»»

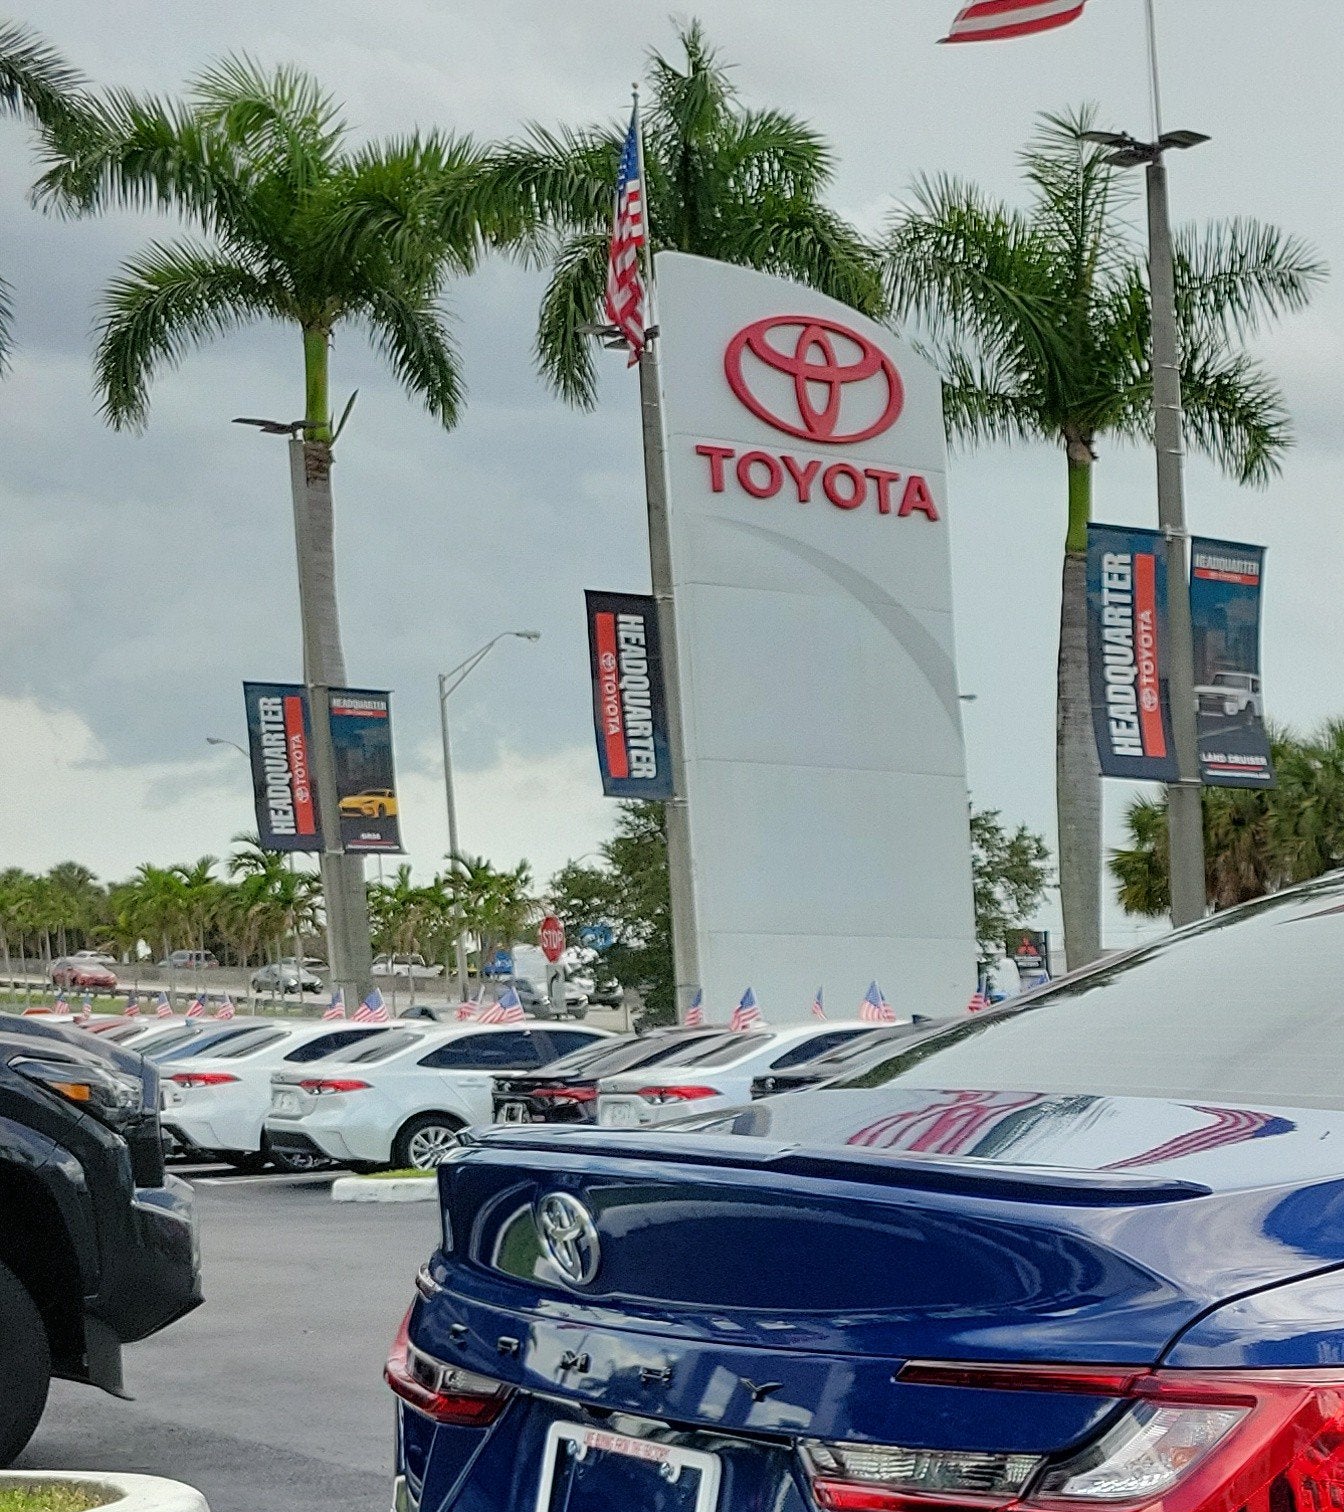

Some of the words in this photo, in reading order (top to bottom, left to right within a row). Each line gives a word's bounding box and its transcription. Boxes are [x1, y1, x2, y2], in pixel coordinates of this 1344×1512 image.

[695, 445, 939, 522] TOYOTA
[1103, 551, 1144, 757] HEADQUARTER
[1137, 610, 1156, 685] TOYOTA
[602, 674, 620, 735] TOYOTA
[617, 613, 657, 779] HEADQUARTER
[259, 697, 297, 835] HEADQUARTER
[290, 733, 306, 786] TOYOTA
[542, 929, 563, 949] STOP
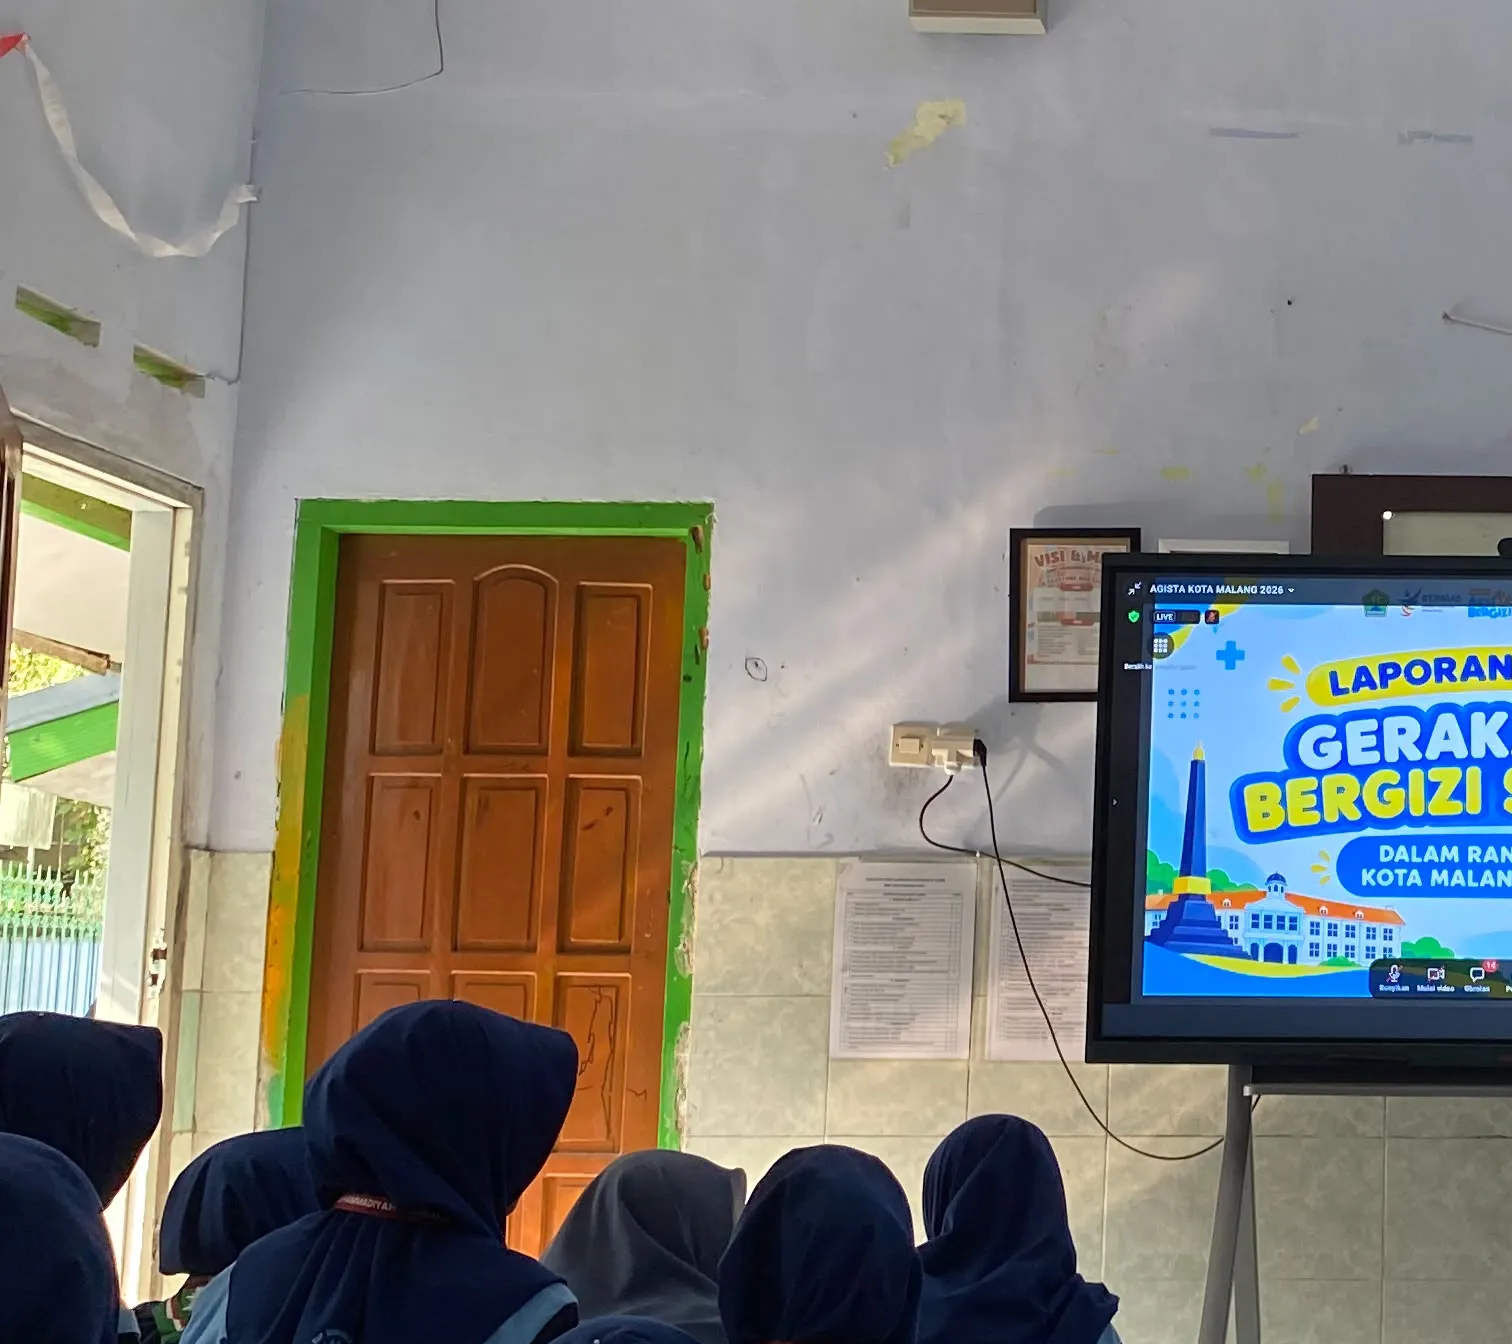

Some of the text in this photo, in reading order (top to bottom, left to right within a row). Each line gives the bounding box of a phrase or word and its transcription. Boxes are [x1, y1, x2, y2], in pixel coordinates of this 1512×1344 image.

[1034, 550, 1066, 567] VISI
[1150, 584, 1284, 595] AGISTA KOTA MALANG 2026
[1156, 613, 1174, 621] LIVE
[1242, 766, 1483, 834] BERGIZI
[1379, 844, 1459, 865] DALAM
[1361, 868, 1423, 888] KOTA
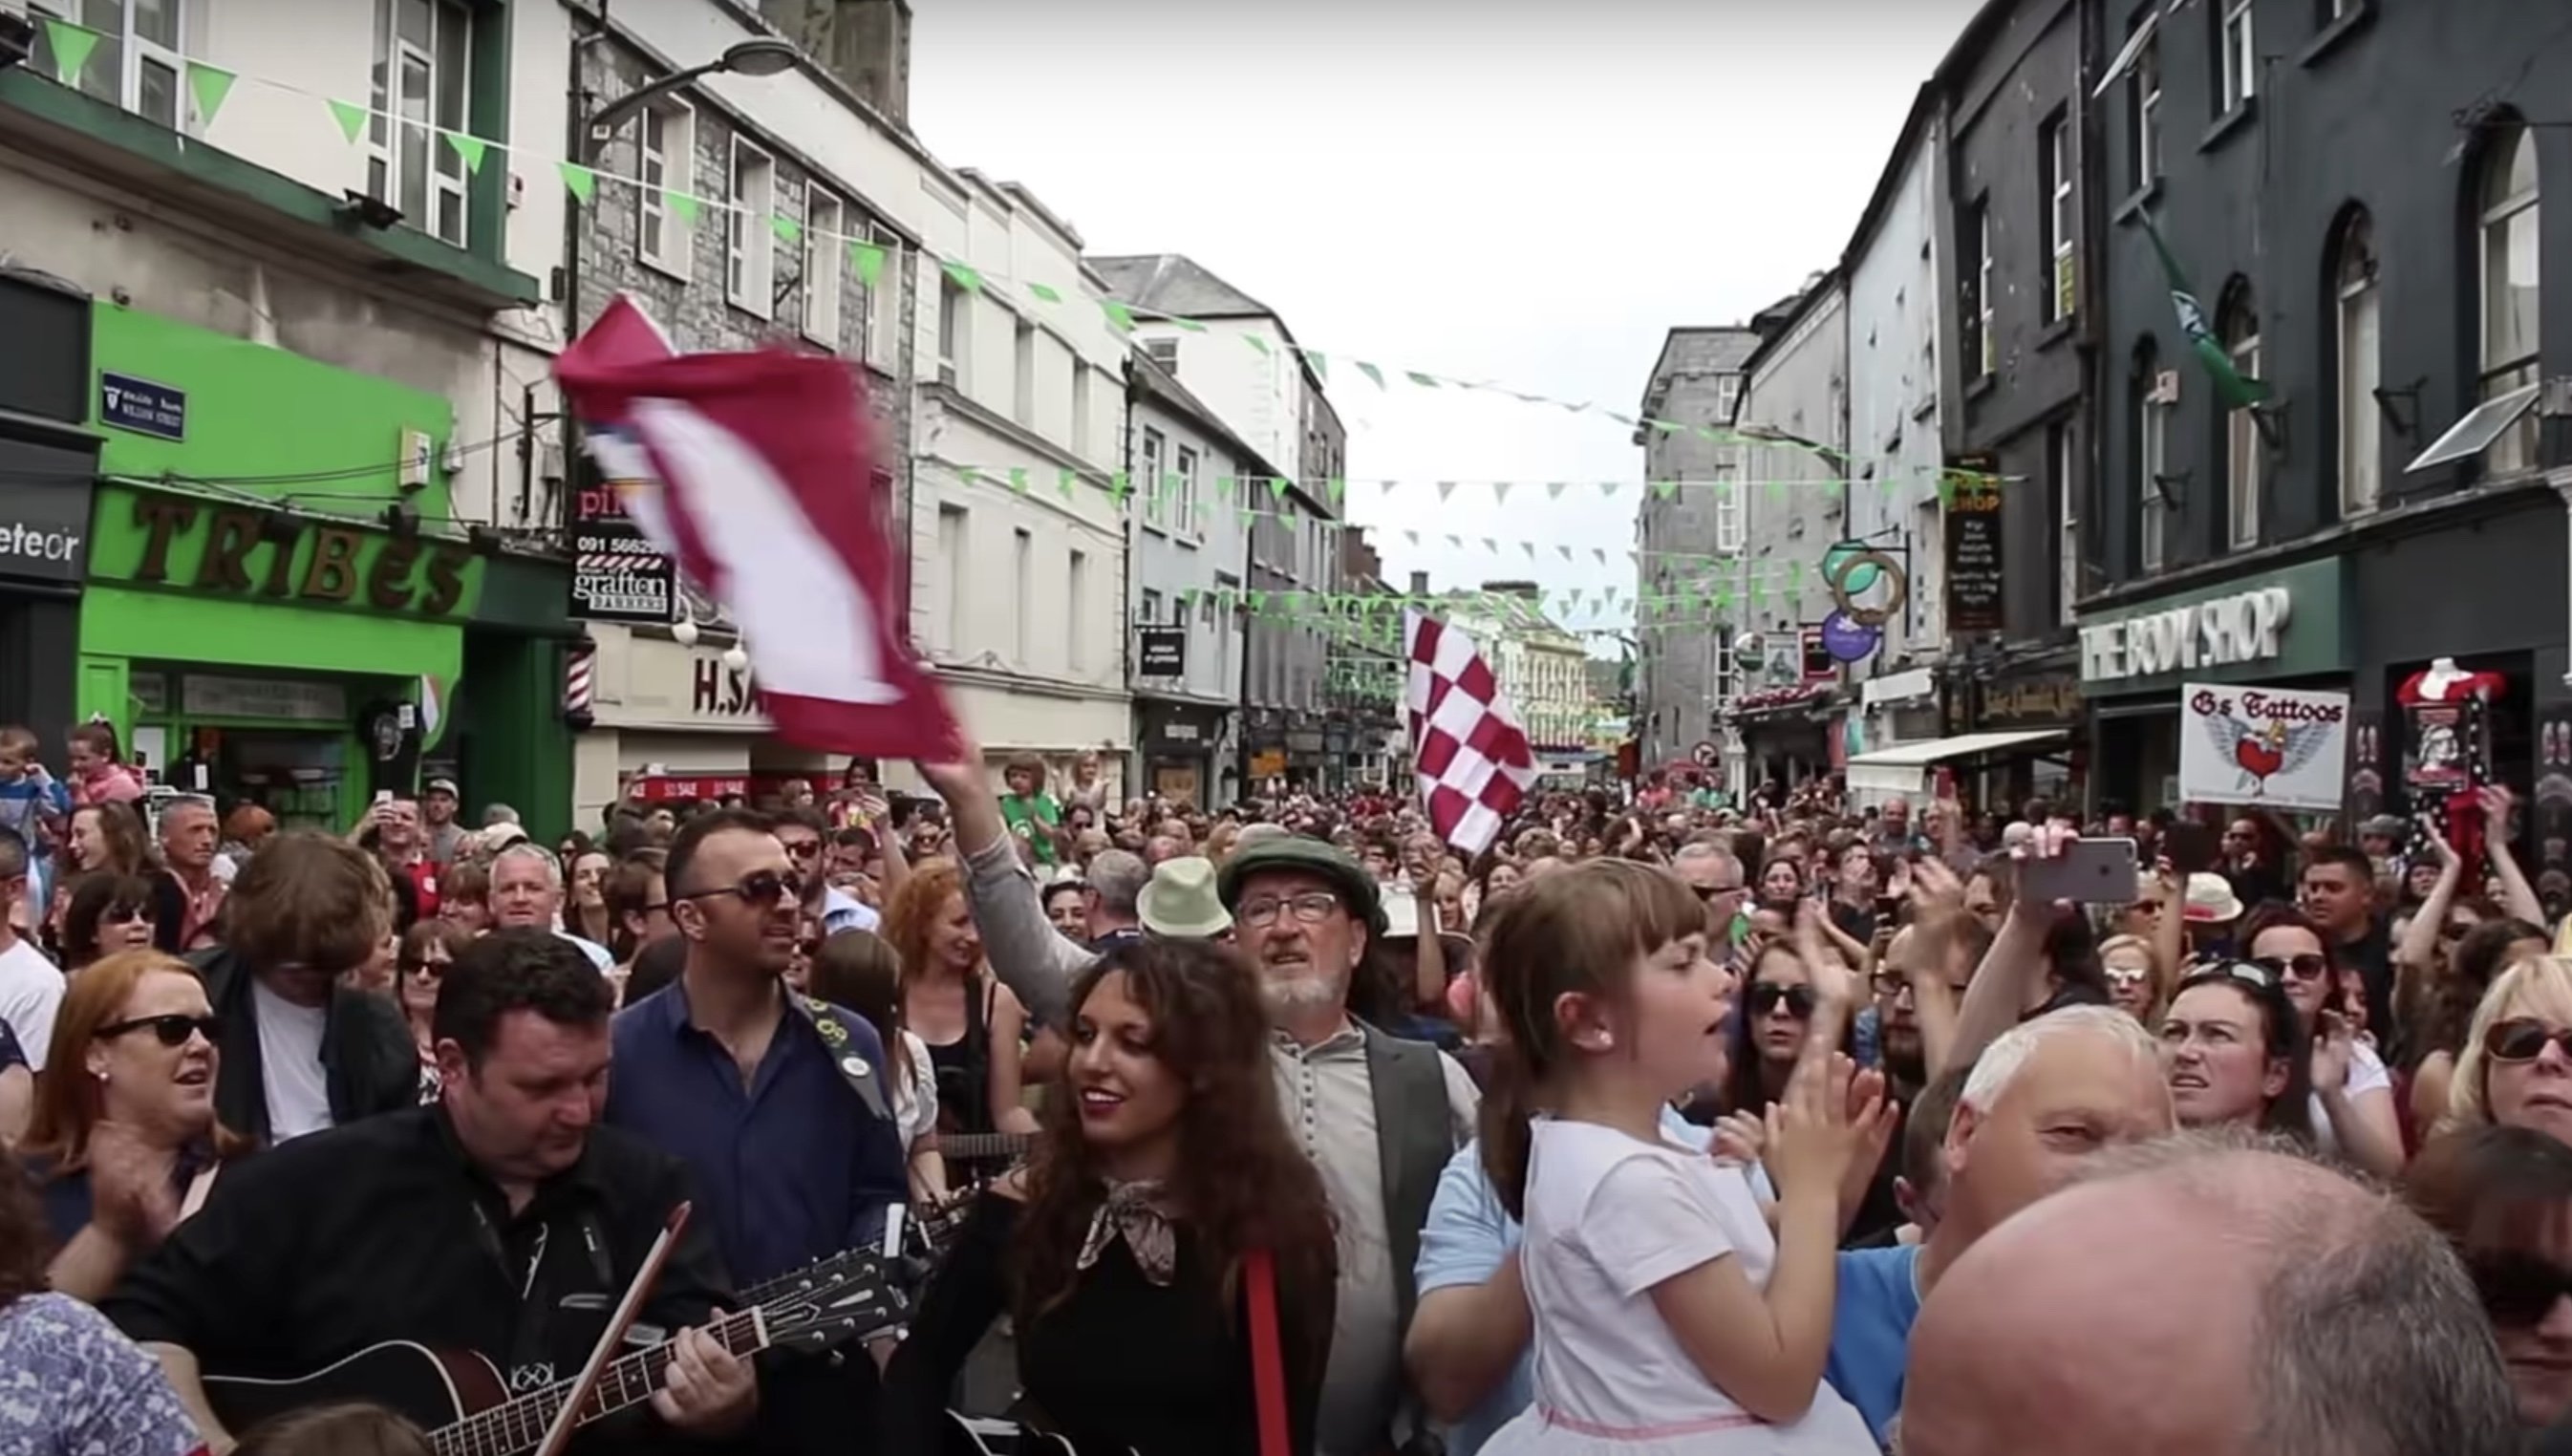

««

Problem details:
Reproduce, word for word, the lines from the one containing "Some of the text" to the end of the material, both ends included. No picture is copied.

Task solution:
Some of the text in this photo, in reading order (top to bottom, left to right within a row). Each line gives the bounding box of a phrase or word and its transcription. Boxes are [x1, y1, x2, y2], in pixel coordinates of this 1512×1344 image.

[1034, 550, 1066, 567] VISI
[1150, 584, 1284, 595] AGISTA KOTA MALANG 2026
[1156, 613, 1174, 621] LIVE
[1242, 766, 1483, 834] BERGIZI
[1379, 844, 1459, 865] DALAM
[1361, 868, 1423, 888] KOTA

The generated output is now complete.